# DATA EXCERPTS
----
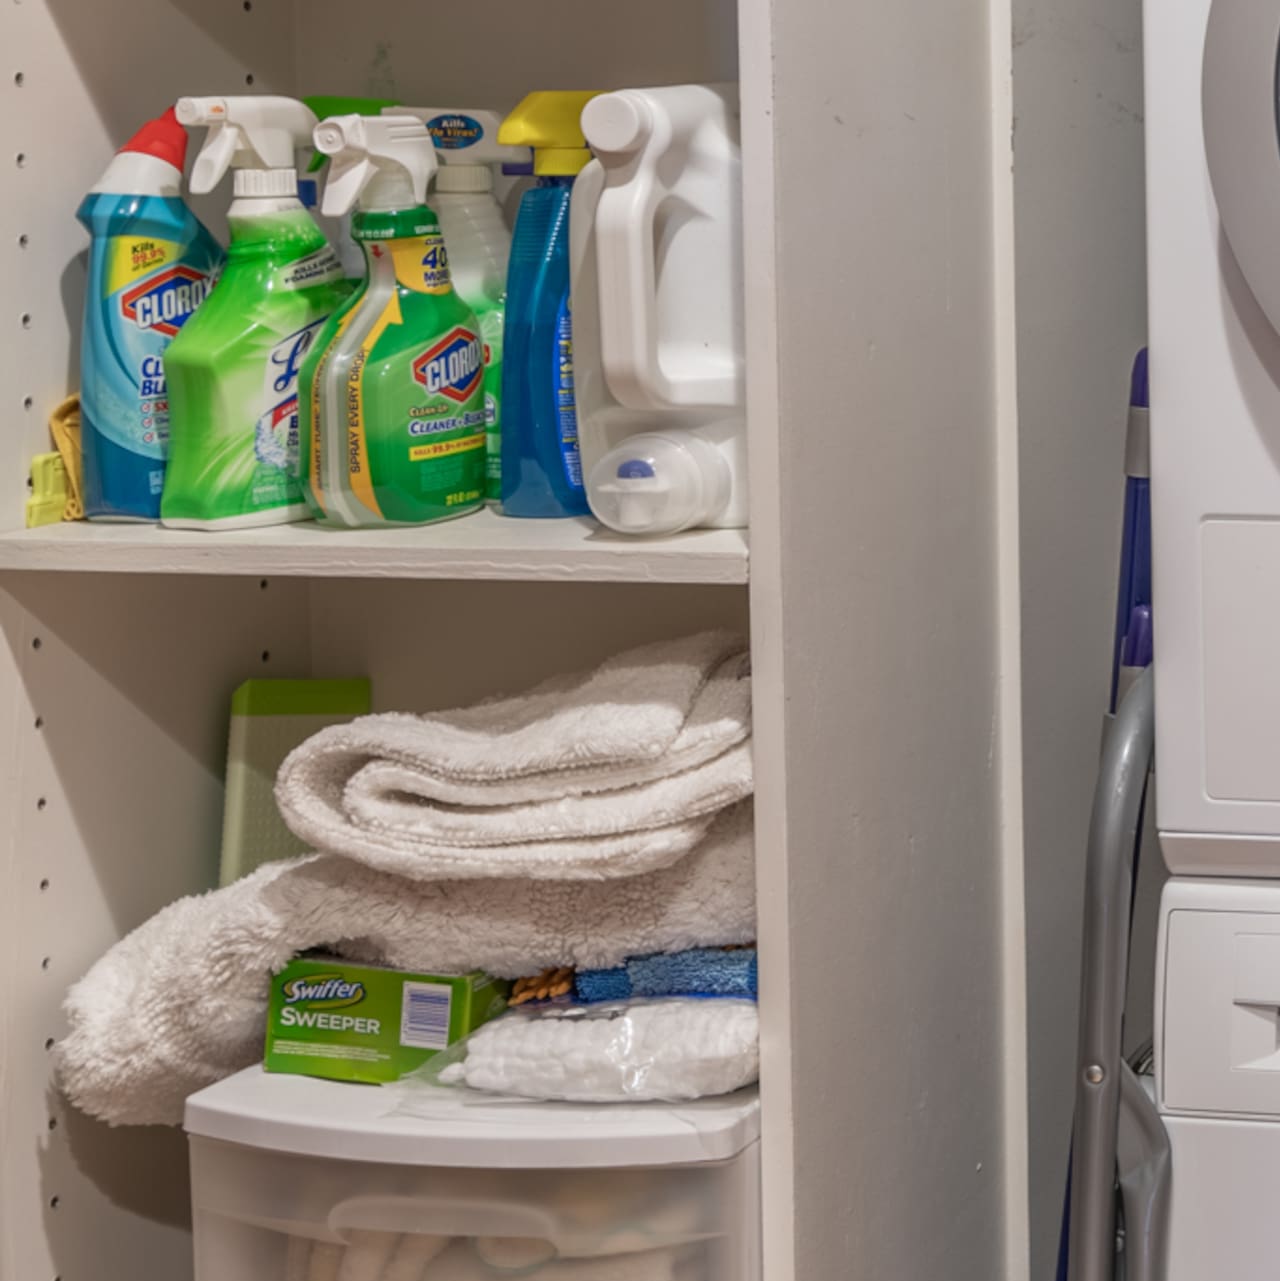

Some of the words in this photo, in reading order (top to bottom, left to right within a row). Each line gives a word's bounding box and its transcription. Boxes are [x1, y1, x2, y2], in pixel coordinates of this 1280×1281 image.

[132, 241, 155, 254] Kills
[348, 384, 360, 428] EVERY
[349, 431, 362, 474] SPRAY
[285, 978, 361, 1004] Swiffer
[280, 1007, 381, 1035] SWEEPER
----
# WORK TASK
Reproduce all of the records above exactly, but exclude the pictures.

# OUTPUT FOR THIS TASK
Some of the words in this photo, in reading order (top to bottom, left to right within a row). Each line gives a word's bounding box and its transcription. Boxes are [x1, y1, x2, y2], in pixel coordinates of this 1280×1281 image.

[132, 241, 155, 254] Kills
[348, 384, 360, 428] EVERY
[349, 431, 362, 474] SPRAY
[285, 978, 361, 1004] Swiffer
[280, 1007, 381, 1035] SWEEPER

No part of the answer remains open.